Putting all of this information together into an application classification matrix will make it very easy visualize the impact of the application stack on the business. IT teams should include the storage, network, database and application layers and add other classifications according to the business requirements. Lastly, define the availability requirements for each component of the application stack, such as web servers, load balancers, application servers, and of course, the database layer.

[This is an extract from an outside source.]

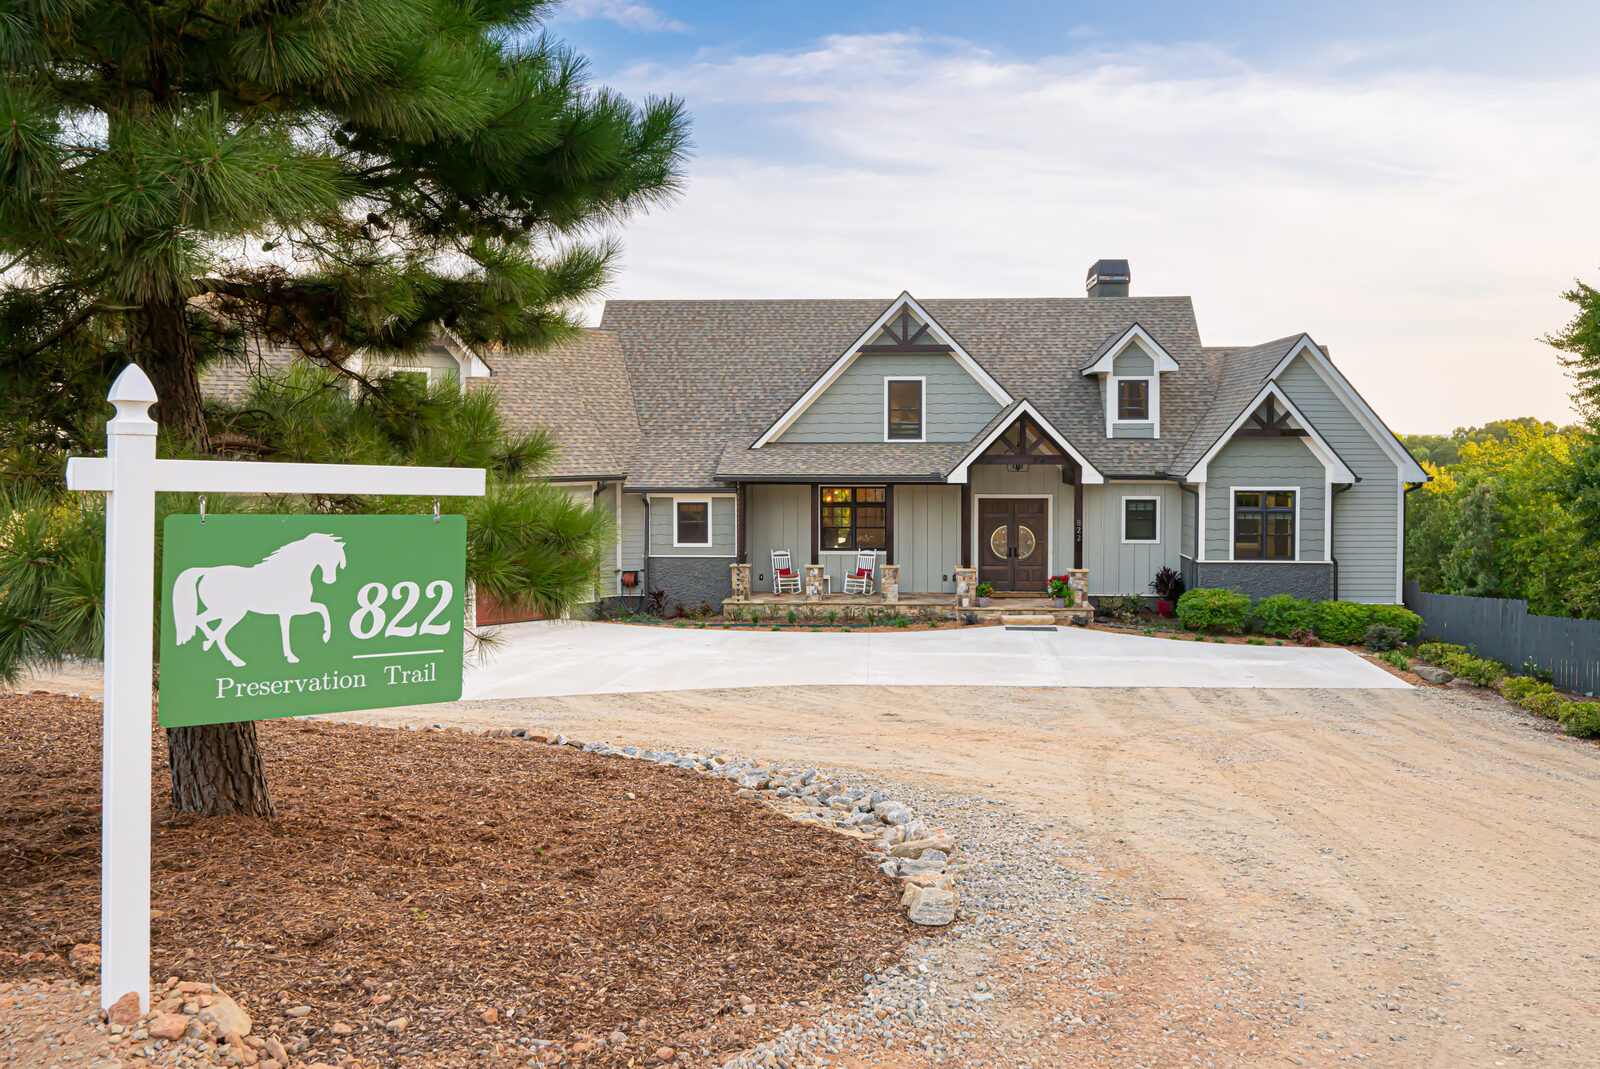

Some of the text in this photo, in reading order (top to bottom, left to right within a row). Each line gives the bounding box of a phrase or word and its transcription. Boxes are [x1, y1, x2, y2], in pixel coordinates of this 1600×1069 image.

For business-critical applications that need high availability protection, consider using machine-learning based analytics software that can help eliminate unnecessary complexity and costly provisioning. By clarifying the root causes of issues and recommending specific improvements to the infrastructure these tools eliminate the sources of conflict, enabling DBAs and IT infrastructure managers to work collaboratively.

With this business perspective, applications and infrastructure teams will not only be able to work constructively together, but will be more effective in protecting against and preventing outages and high availability failures.